你已經把文字當作刻在指間的仰念。細究你的話語,隱約明白,彷彿滄海行舟,男人是這樣的動物,即不願爲了一葉方舟放棄一片大海,又不想永遠與這一葉方舟錯身而過。

你希望可以一直延續心裏與衆不同的文字,又希望有足夠的幸運覓得一份上等的感情。我也知道,感情對每個人來講,都是一種不可摧毀的基墊。兢兢業業的工作,規劃往後幸福的餘生,不必對感情斤斤計較,如此甚好。面對生活,心裏有諸多艱苦困苦,世態悲涼,難以預料。我們的區別,僅僅在於你有足夠的理智用以規劃,我看見,並且認爲正是那時的自己所需的理智。

我說說不定哪天真當道姑去了,你笑,說還是趁草打消那念頭。難道你不知,這世間的感情並不給人機會,你若去尋,便可尋得。我卻連這念都沒有,卻也不落一身利落。人潮擁擠,貌似所有的人都是一樣,孤獨難耐,仿若將自己放逐到彼岸,隔岸觀火看到的世間萬像,人潮擁擠一進去,要到哪裏尋呢?若要等時間逢合念想,等到面容模糊,惆悵地望着自己孤獨的背影消失在一羣孤獨的人流裏,漸漸分辨不出,是要等的人,還是自己。就像水消失於空氣,這過程不動聲色之中已把人逼近殘酷的境地。漸漸學會隱藏尋見的溫暖,所有人走過之後慢慢靠近,卻不是取暖禦寒。

過去發生的事情像一抹塵煙,倏忽而過,未經細究,早已消失不見,像錯過了時間的電影,彌在無人無聲的過場裏。是誰對生活失去耐心,或許又是誰對愛情失去情調,再多一秒都不能等,或許忘了,幸福往往在彼此轉身後的後一秒踏然而至。可是,這又有什麼關係呢。

一直有個願意,類同於你,我是想在寫字之餘能夠在雪山坳間擁有一棟自己的房子,早上起來看到陽光灑滿大地,將雪山峯頂屯積的雲層染得火焰般烈紅,房子的煙囪裏飄出縷縷炊煙,木柵的外面開着簇簇臘梅,在這冰天雪地之中絲紋不動,萬物蕭穆,千言清寡,一切不言而語。

或許這是可以得到,只不過要放長心等待。
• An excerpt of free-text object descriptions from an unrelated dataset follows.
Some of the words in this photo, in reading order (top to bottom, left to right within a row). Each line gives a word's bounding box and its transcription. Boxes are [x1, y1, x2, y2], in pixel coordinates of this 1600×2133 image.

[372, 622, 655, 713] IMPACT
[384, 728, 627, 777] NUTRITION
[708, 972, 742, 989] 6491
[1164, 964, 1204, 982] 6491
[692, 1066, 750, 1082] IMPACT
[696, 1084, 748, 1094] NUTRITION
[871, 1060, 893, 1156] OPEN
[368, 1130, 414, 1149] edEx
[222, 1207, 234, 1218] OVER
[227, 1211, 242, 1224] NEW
在尚且還是一顆種子的時候,一定要保持耐力等待開花。很多時候我會覺得人的一生,不是一個跋涉的過程,更近似一個有因有果的完成。年少的時候努力讀書,年輕的時候努力工作,都只不過爲了一個看似冠冕堂皇讓人安足的結果,之間的過程,不管如何艱酸,都無關輕重,無足掛齒。你明白人的一生總是不可避免瑣碎的堆砌,若要一一道來,或許會更加透測一些,像擱置在黑暗裏的明珠,越發鋥亮。貌似我們都習慣用對感情的需索來填補內心的空白以及與這個世界破損的關係,內心深處那個黑洞,不計後果地將手中的光線全部砸進去,不管是不是合情合理。人若被黑暗裏的洞穴困住,不能自制之中會不顧一切做很多事情,來縫補這樣破損的關係,

迂迴沉頓,明確的聽到了心裏的警示,總是在不知之覺當中犯同樣的錯誤,貌似越是簡單的哲理,越是容易被人忘記。

若是時間的荒洪硬要過去,你不再記得我,我也不再掂掛你,已是別無他願,只是請你一定記得,在彼此未晚的行歲,曾經共着這着菲薄的流年。

一句話祝福:你好,我好,即使天涯兩端、此生無望,也無憾了。